Source data:
━━━━━━

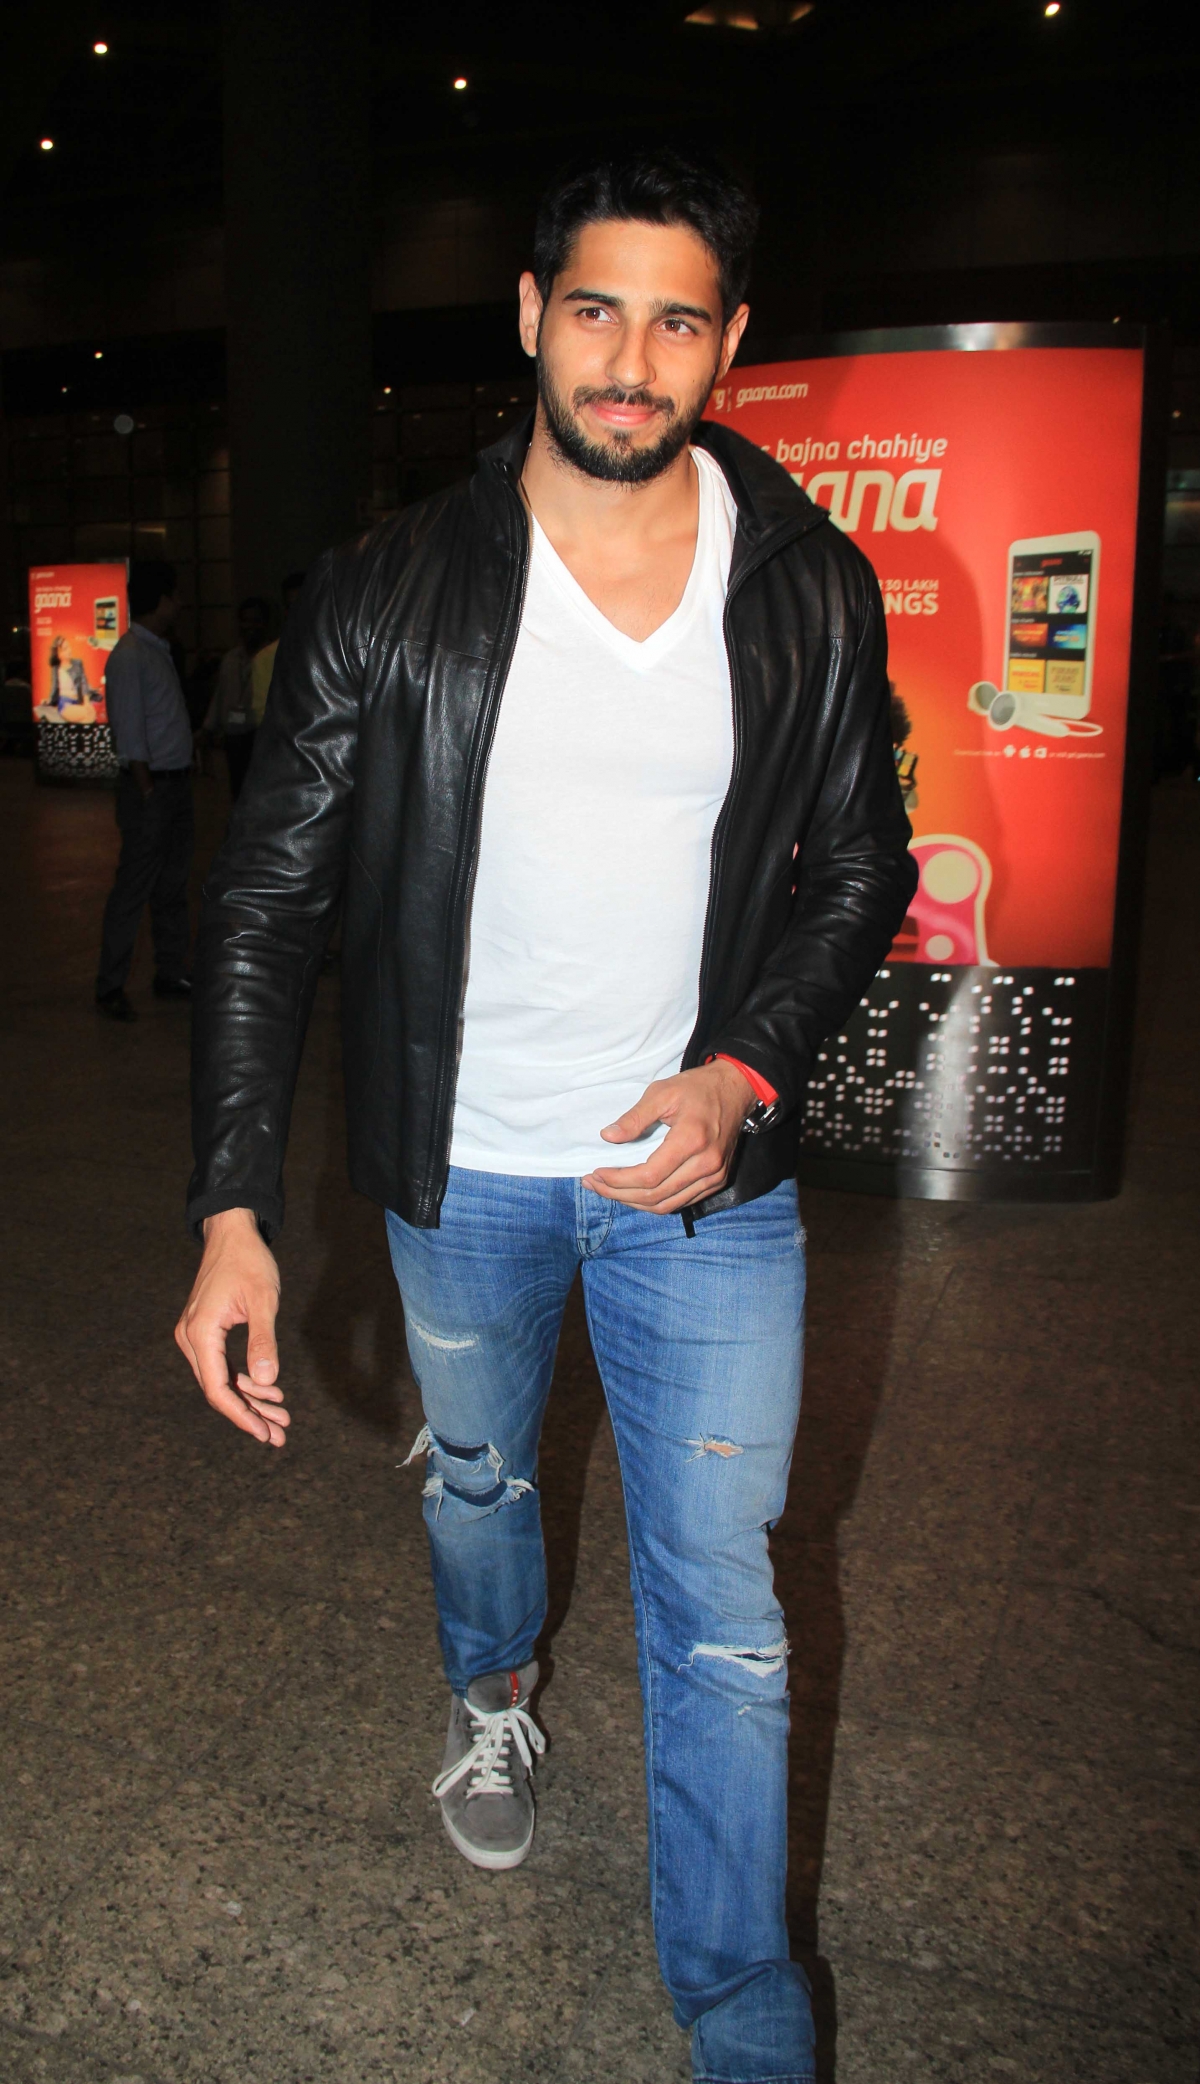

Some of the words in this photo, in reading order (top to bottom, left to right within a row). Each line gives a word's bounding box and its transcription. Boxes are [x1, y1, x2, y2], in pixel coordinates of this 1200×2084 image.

[737, 384, 808, 408] gaana.com
[775, 438, 840, 466] bajna
[848, 433, 948, 463] chahiye
[790, 469, 942, 532] ana
[885, 579, 902, 591] 30
[904, 579, 939, 591] LAKH
[884, 592, 939, 615] NGS

━━━━━━

Directions for this task:
Retype every entry exactly, but keep the pictures out of your copy.

Problem solution:
Some of the words in this photo, in reading order (top to bottom, left to right within a row). Each line gives a word's bounding box and its transcription. Boxes are [x1, y1, x2, y2], in pixel coordinates of this 1200×2084 image.

[737, 384, 808, 408] gaana.com
[775, 438, 840, 466] bajna
[848, 433, 948, 463] chahiye
[790, 469, 942, 532] ana
[885, 579, 902, 591] 30
[904, 579, 939, 591] LAKH
[884, 592, 939, 615] NGS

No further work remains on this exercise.